• EXERCISE DETAILS:
If a record holds a picture, leave the picture out and restate everything else word for word.

• MATERIAL TO PROCESS:
____

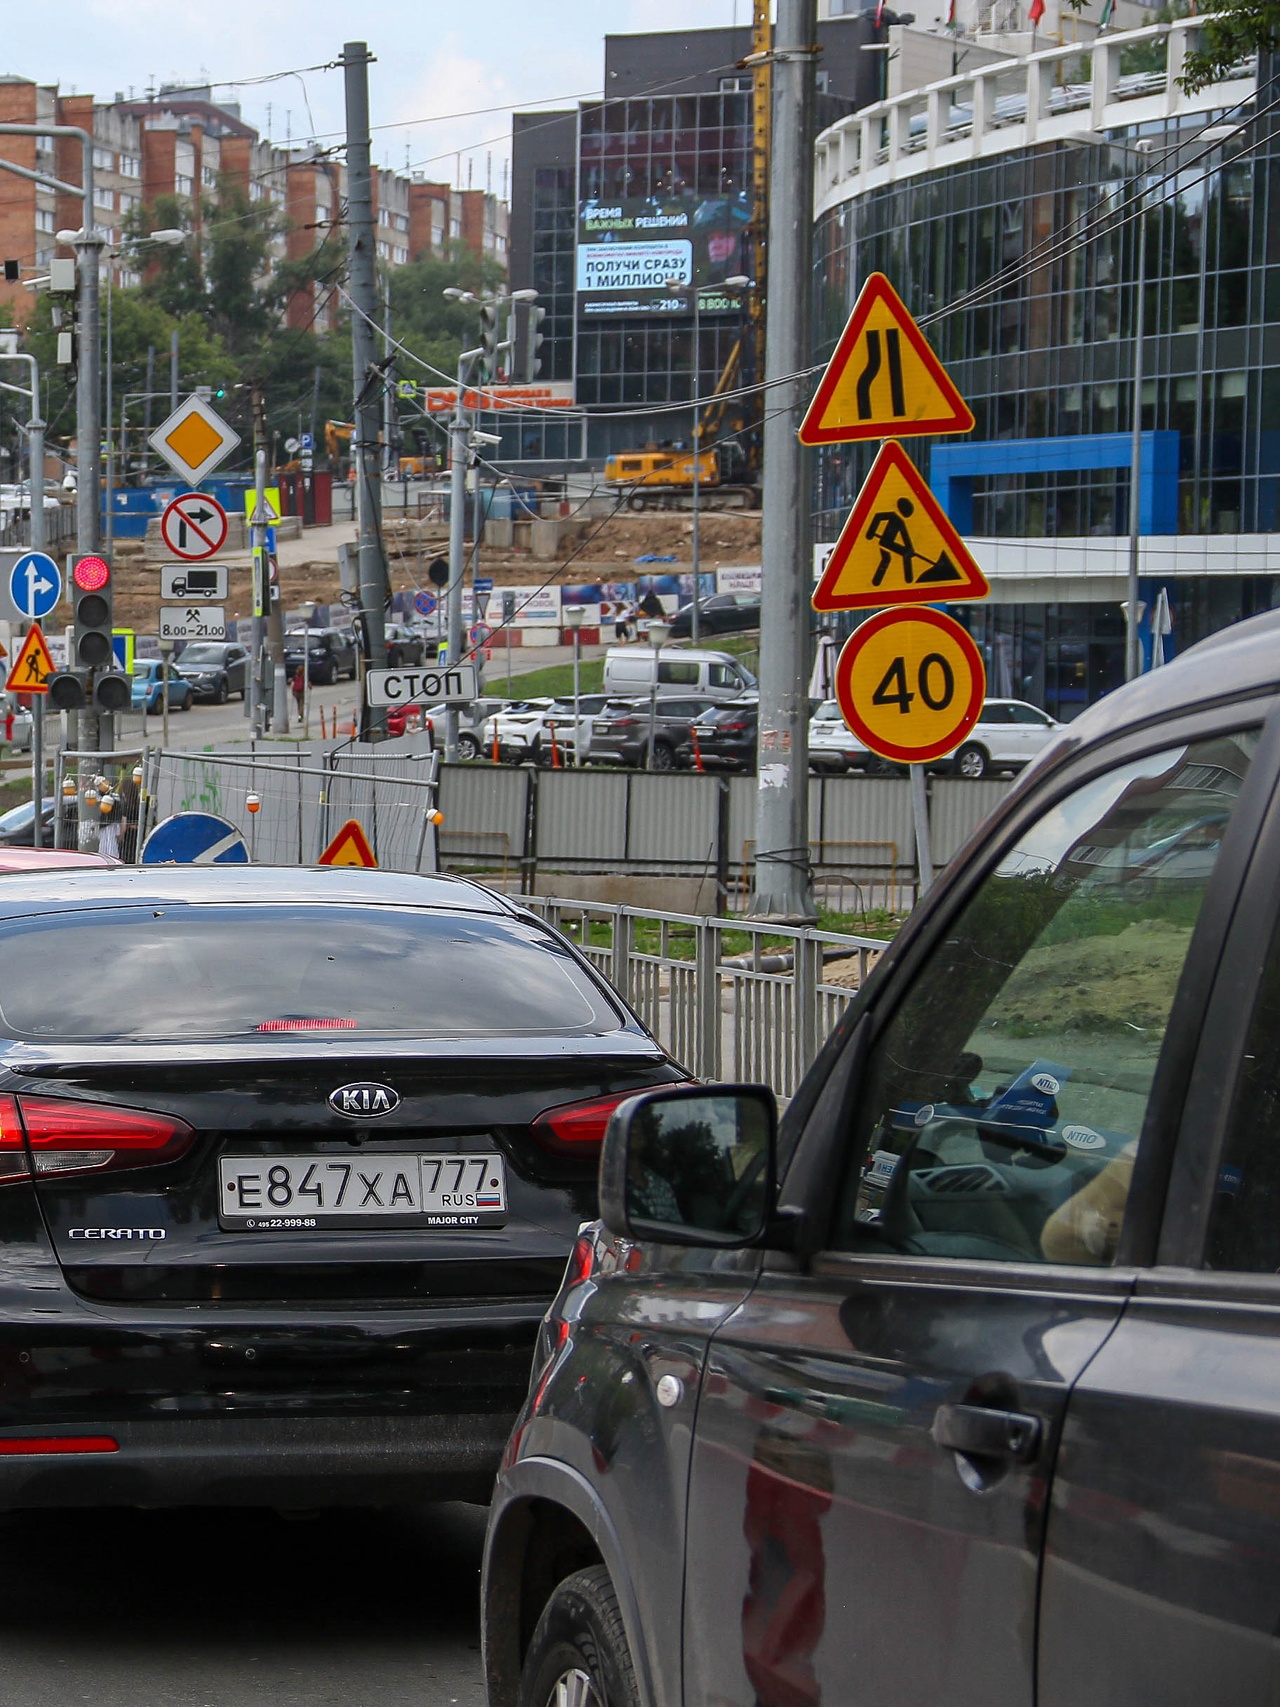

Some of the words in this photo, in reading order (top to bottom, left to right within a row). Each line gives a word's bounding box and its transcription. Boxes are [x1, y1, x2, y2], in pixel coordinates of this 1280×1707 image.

[585, 206, 622, 220] ВРЕМЯ
[585, 217, 634, 231] ВАЖНЫХ
[635, 212, 688, 228] РЕШЕНИЙ
[586, 260, 640, 273] ПОЛУЧИ
[644, 257, 687, 270] СРАЗУ
[586, 276, 592, 287] 1
[660, 299, 680, 310] 210
[383, 672, 462, 700] СТОП
[871, 651, 955, 715] 40
[341, 1089, 391, 1110] KIA
[422, 1158, 489, 1194] 777
[441, 1194, 475, 1207] RUS
[270, 1218, 317, 1228] 22-999-88
[427, 1216, 458, 1225] MAJOR
[459, 1215, 479, 1224] CITY
[68, 1226, 167, 1241] CERATO
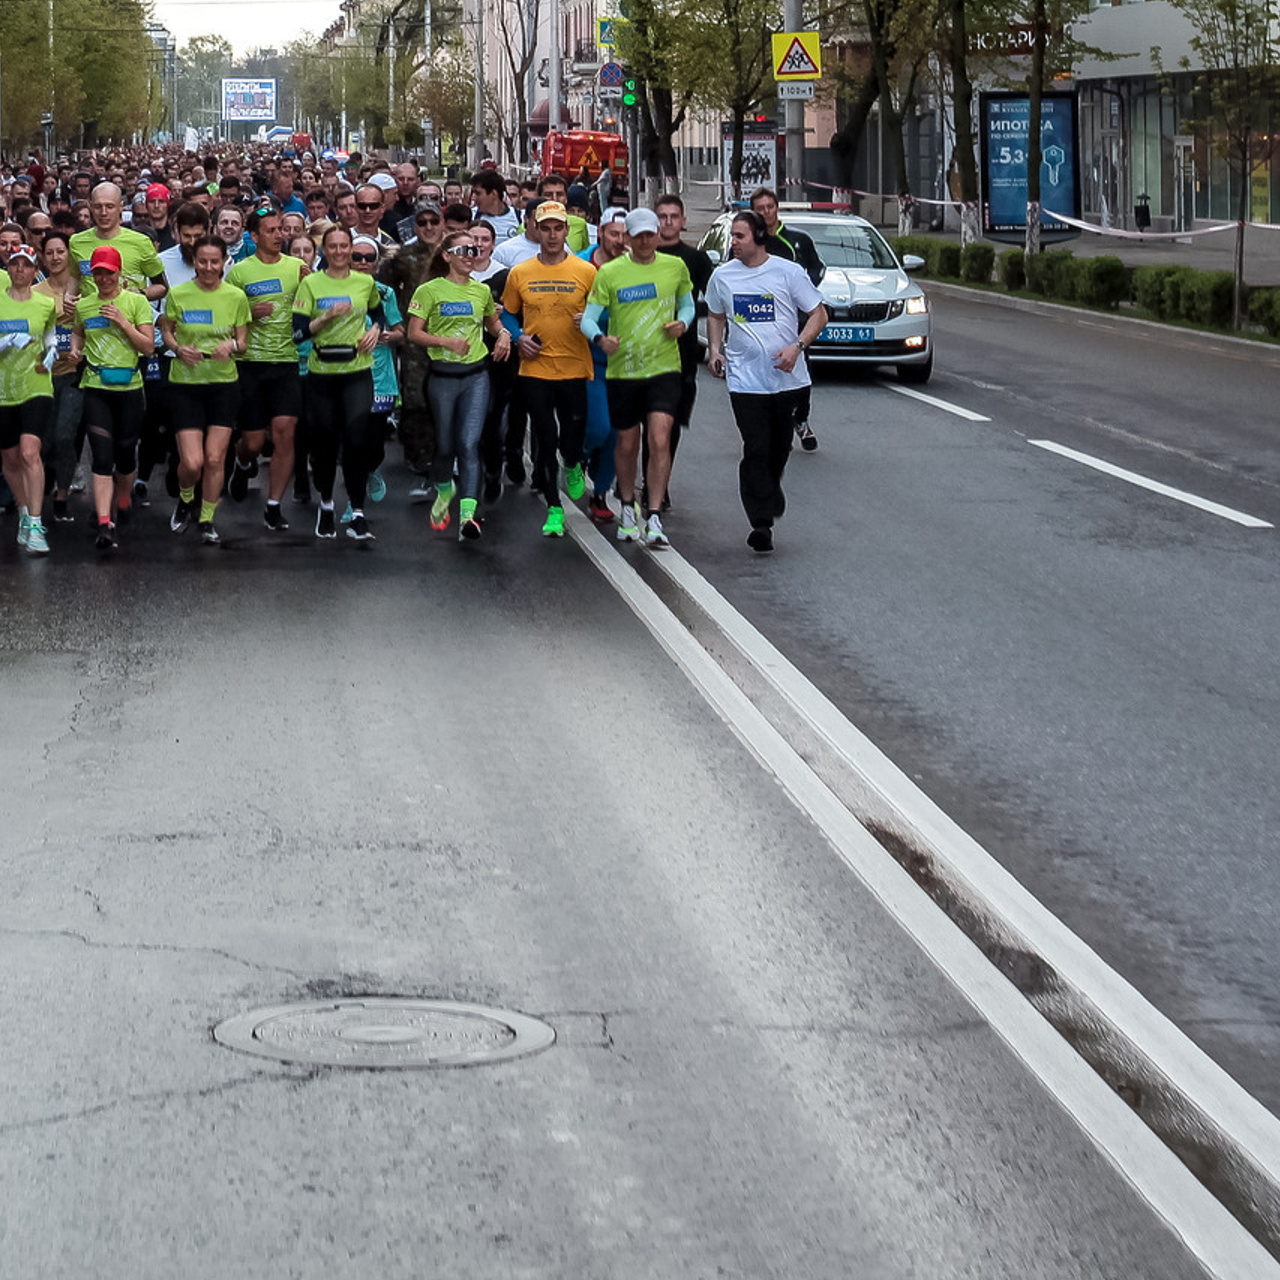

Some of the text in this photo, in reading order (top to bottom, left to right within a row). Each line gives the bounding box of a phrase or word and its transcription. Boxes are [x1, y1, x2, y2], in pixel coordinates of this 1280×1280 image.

[990, 120, 1054, 131] ИПОТА
[1000, 146, 1028, 165] 5,3
[748, 304, 774, 313] 1042
[827, 328, 853, 340] 3033
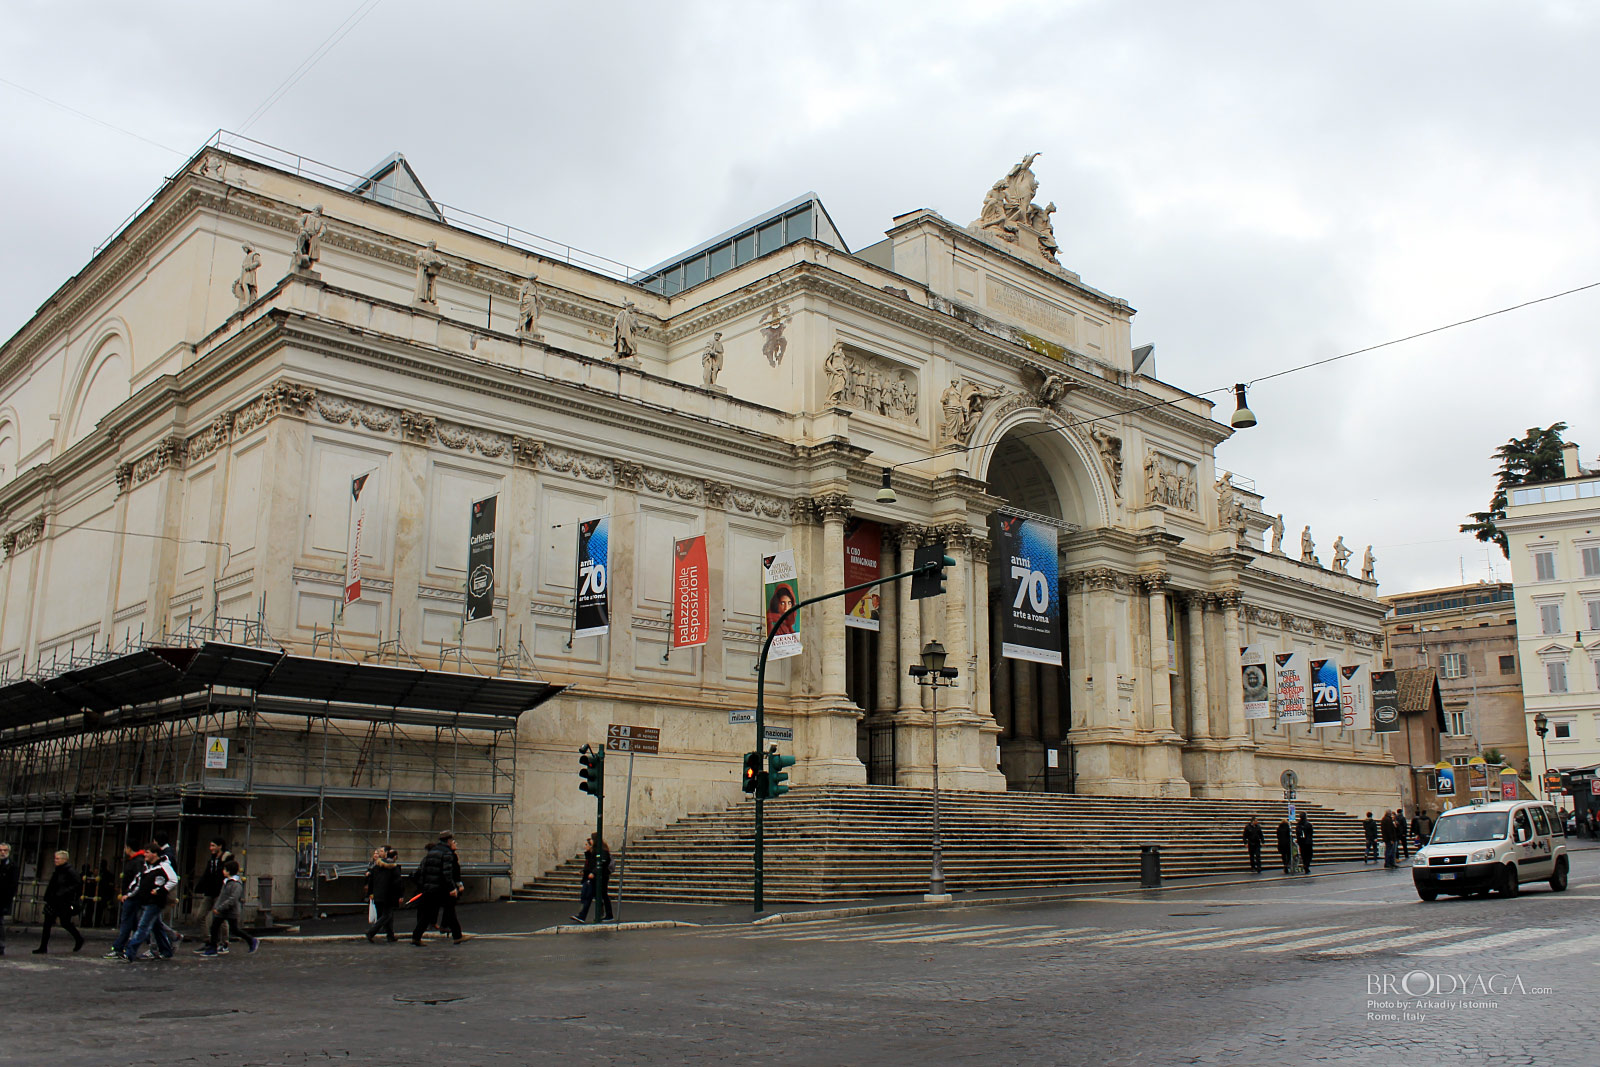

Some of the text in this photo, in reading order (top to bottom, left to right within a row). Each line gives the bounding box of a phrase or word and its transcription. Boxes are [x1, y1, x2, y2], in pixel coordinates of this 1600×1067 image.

[850, 546, 861, 556] CIBO
[581, 558, 594, 567] anni
[1011, 555, 1030, 568] anni
[580, 564, 606, 595] 70
[1011, 565, 1049, 614] 70
[689, 566, 701, 642] esposizioni
[1012, 610, 1026, 619] arte
[1032, 614, 1050, 624] roma
[1277, 669, 1296, 677] MOSTRE
[1313, 686, 1337, 704] 70
[1342, 685, 1357, 727] open
[731, 714, 751, 722] milano
[765, 730, 792, 738] nazionale
[1438, 778, 1451, 788] 70
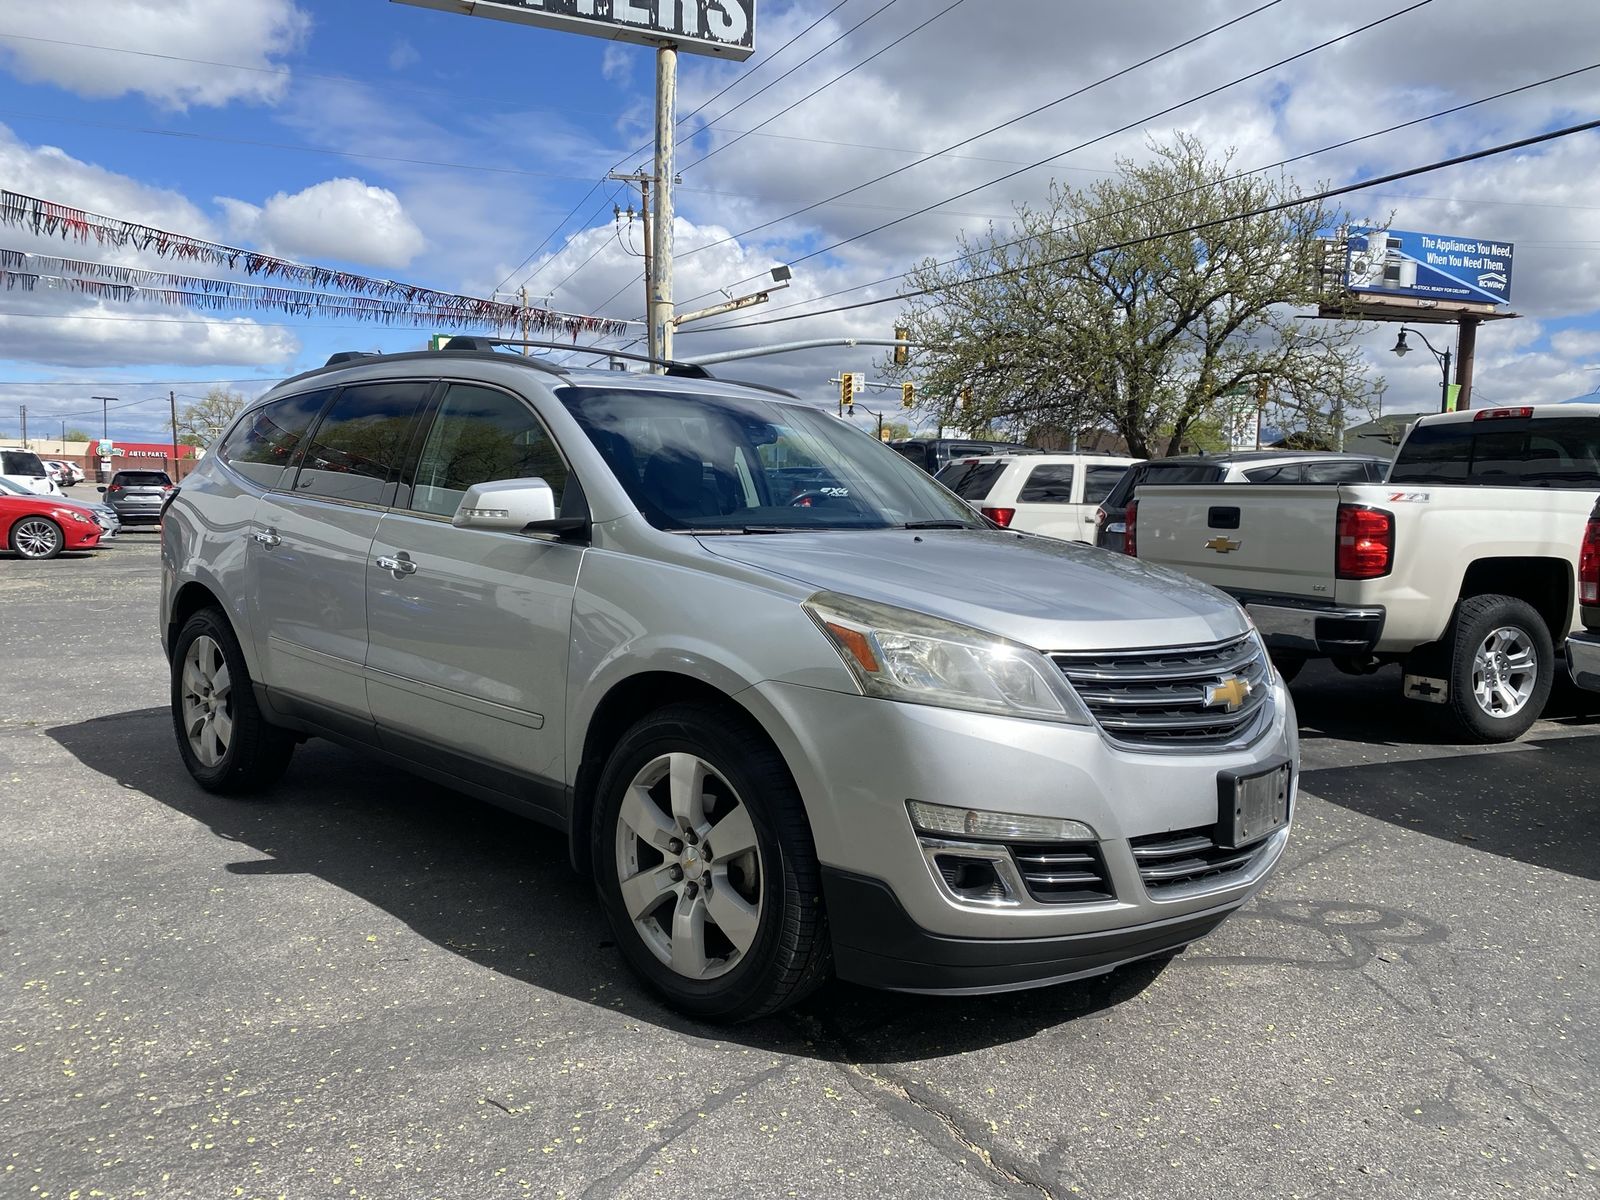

____

• ANSWER TO THIS EXERCISE:
Some of the words in this photo, in reading order (top to bottom, left to right within a row). Each line gives a word's bounding box and its transcription. Boxes are [x1, y1, x2, y2], in pixel coordinates of this 1280×1707 image.

[585, 206, 622, 220] ВРЕМЯ
[585, 217, 634, 231] ВАЖНЫХ
[635, 212, 688, 228] РЕШЕНИЙ
[586, 260, 640, 273] ПОЛУЧИ
[644, 257, 687, 270] СРАЗУ
[586, 276, 592, 287] 1
[660, 299, 680, 310] 210
[383, 672, 462, 700] СТОП
[871, 651, 955, 715] 40
[341, 1089, 391, 1110] KIA
[422, 1158, 489, 1194] 777
[441, 1194, 475, 1207] RUS
[270, 1218, 317, 1228] 22-999-88
[427, 1216, 458, 1225] MAJOR
[459, 1215, 479, 1224] CITY
[68, 1226, 167, 1241] CERATO

Some of the text in this photo, in reading order (top to bottom, left to right within a row). Each line gives the bounding box of a phrase or word and its transcription. Boxes are [x1, y1, x2, y2], in pixel coordinates of this 1280×1280 image.

[990, 120, 1054, 131] ИПОТА
[1000, 146, 1028, 165] 5,3
[748, 304, 774, 313] 1042
[827, 328, 853, 340] 3033

Some of the text in this photo, in reading order (top to bottom, left to right within a row). Each line gives the bounding box of a phrase or word and its transcription. Boxes are [x1, y1, x2, y2], in pixel coordinates of this 1600×1067 image.

[850, 546, 861, 556] CIBO
[581, 558, 594, 567] anni
[1011, 555, 1030, 568] anni
[580, 564, 606, 595] 70
[1011, 565, 1049, 614] 70
[689, 566, 701, 642] esposizioni
[1012, 610, 1026, 619] arte
[1032, 614, 1050, 624] roma
[1277, 669, 1296, 677] MOSTRE
[1313, 686, 1337, 704] 70
[1342, 685, 1357, 727] open
[731, 714, 751, 722] milano
[765, 730, 792, 738] nazionale
[1438, 778, 1451, 788] 70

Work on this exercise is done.